- _Exercise description_:
Every record below should be printed exactly, except for the pictures.

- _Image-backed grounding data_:
┌────────
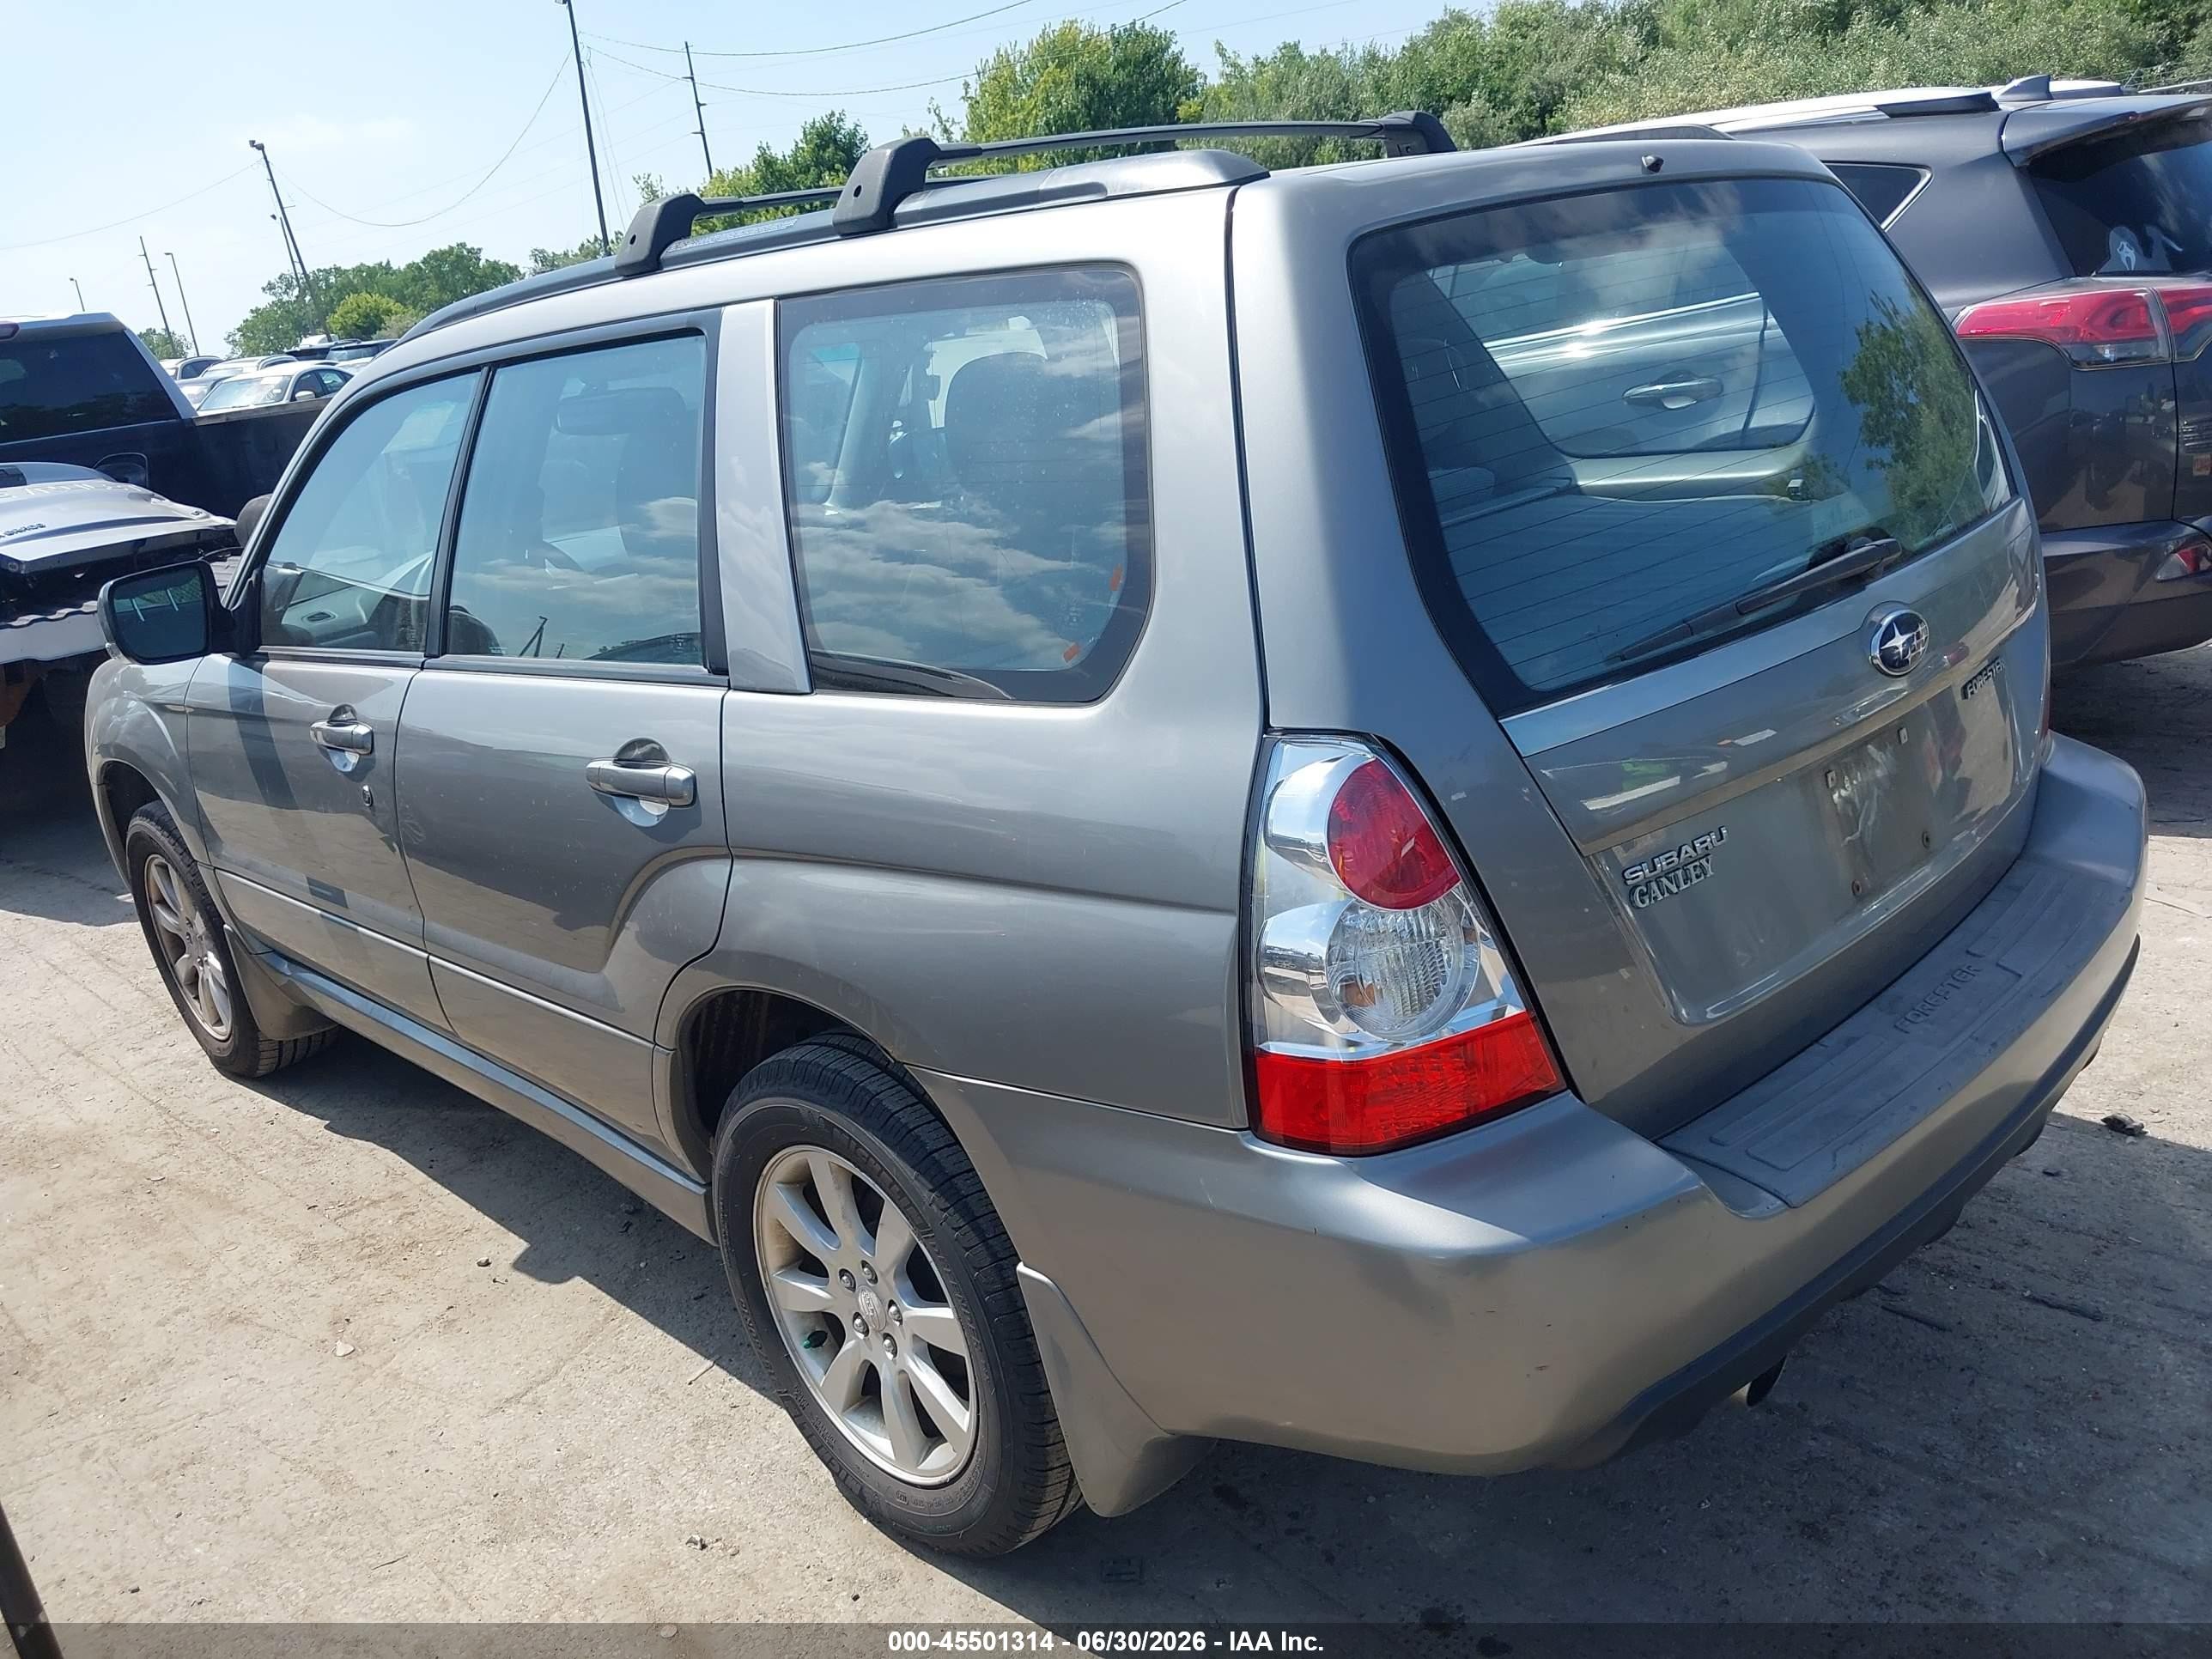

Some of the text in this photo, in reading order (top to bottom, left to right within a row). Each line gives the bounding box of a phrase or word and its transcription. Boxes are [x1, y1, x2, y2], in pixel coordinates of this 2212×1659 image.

[1964, 657, 2006, 700] FORESTER
[1623, 825, 1729, 885] SUBARU
[1893, 964, 1983, 1035] FORESTER
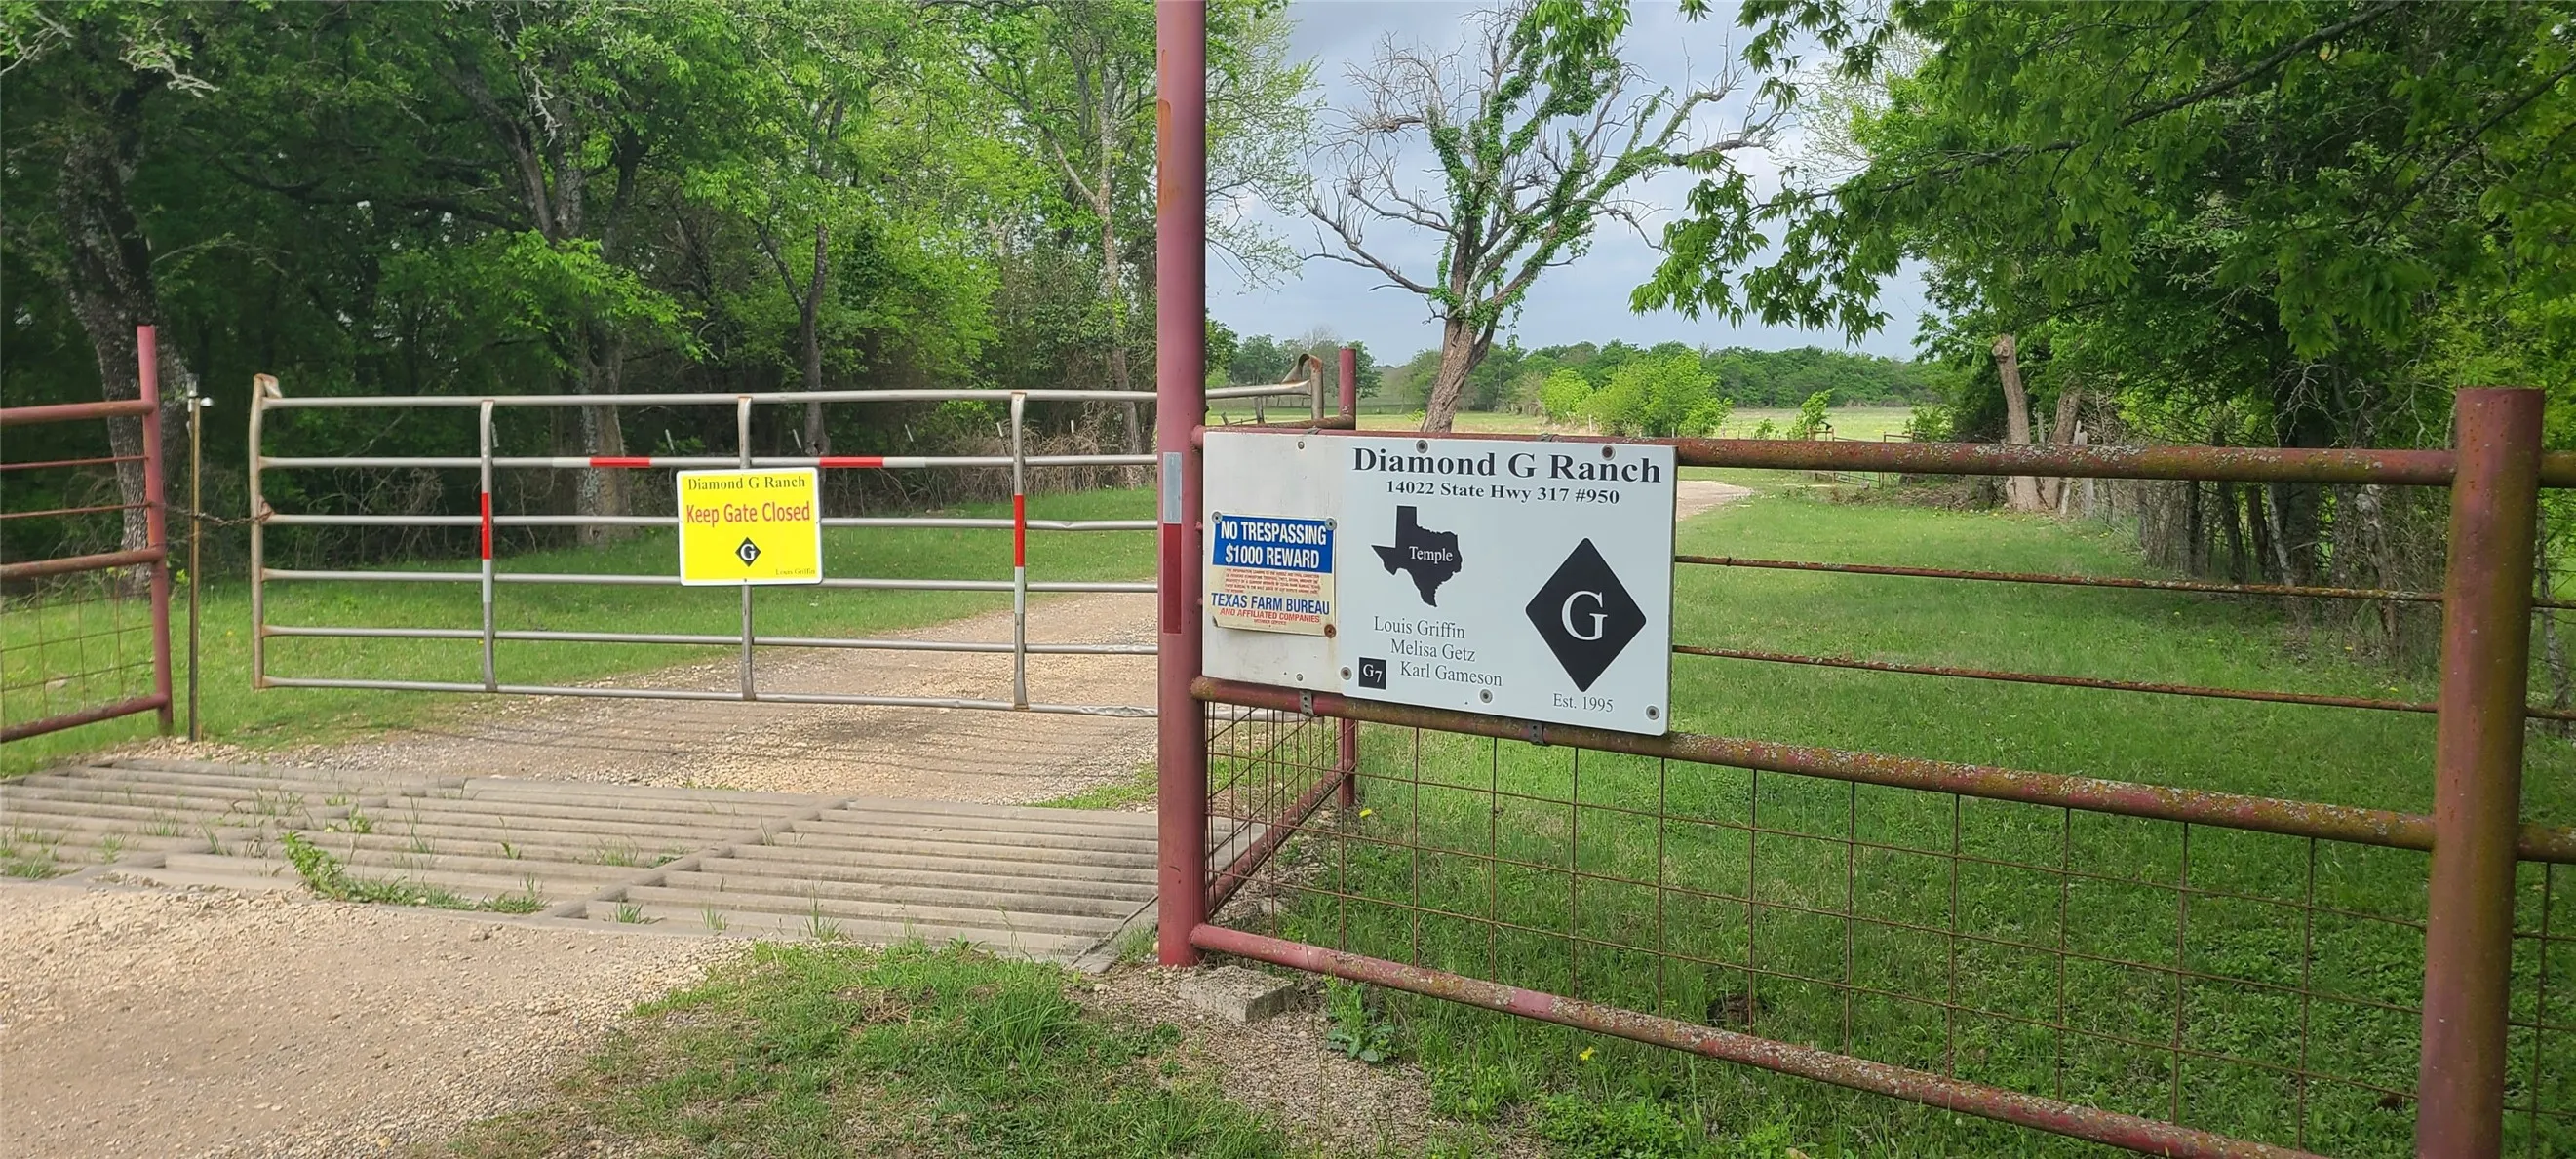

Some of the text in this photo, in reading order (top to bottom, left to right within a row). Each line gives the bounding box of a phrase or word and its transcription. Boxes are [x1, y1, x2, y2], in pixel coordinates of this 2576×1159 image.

[1353, 447, 1660, 483] Diamond G Ranch
[688, 476, 805, 490] Diamond G Ranch
[1386, 480, 1620, 505] 14022 State Hwy 317 #950
[686, 501, 810, 527] Keep Gate Closed
[1221, 521, 1326, 545] NO TRESPASSING
[740, 544, 756, 560] G
[1226, 543, 1319, 568] $1000 REWARD
[1409, 546, 1453, 563] Temple
[1211, 593, 1329, 614] TEXAS FARM BUREAU
[1561, 590, 1608, 640] G
[1237, 610, 1277, 619] AFFILIATED
[1280, 613, 1320, 623] COMPANIES
[1374, 616, 1465, 639] Louis Griffin
[1390, 638, 1475, 662] Melisa Getz
[1399, 661, 1503, 687] Karl Gameson
[1553, 693, 1614, 713] Est. 1995
└────────
- _Exercise response_:
Some of the text in this photo, in reading order (top to bottom, left to right within a row). Each line gives the bounding box of a phrase or word and its transcription. Boxes are [x1, y1, x2, y2], in pixel coordinates of this 2212×1659 image.

[1964, 657, 2006, 700] FORESTER
[1623, 825, 1729, 885] SUBARU
[1893, 964, 1983, 1035] FORESTER

Some of the text in this photo, in reading order (top to bottom, left to right within a row). Each line gives the bounding box of a phrase or word and its transcription. Boxes are [x1, y1, x2, y2], in pixel coordinates of this 2576×1159 image.

[1353, 447, 1660, 483] Diamond G Ranch
[688, 476, 805, 490] Diamond G Ranch
[1386, 480, 1620, 505] 14022 State Hwy 317 #950
[686, 501, 810, 527] Keep Gate Closed
[1221, 521, 1326, 545] NO TRESPASSING
[740, 544, 756, 560] G
[1226, 543, 1319, 568] $1000 REWARD
[1409, 546, 1453, 563] Temple
[1211, 593, 1329, 614] TEXAS FARM BUREAU
[1561, 590, 1608, 640] G
[1237, 610, 1277, 619] AFFILIATED
[1280, 613, 1320, 623] COMPANIES
[1374, 616, 1465, 639] Louis Griffin
[1390, 638, 1475, 662] Melisa Getz
[1399, 661, 1503, 687] Karl Gameson
[1553, 693, 1614, 713] Est. 1995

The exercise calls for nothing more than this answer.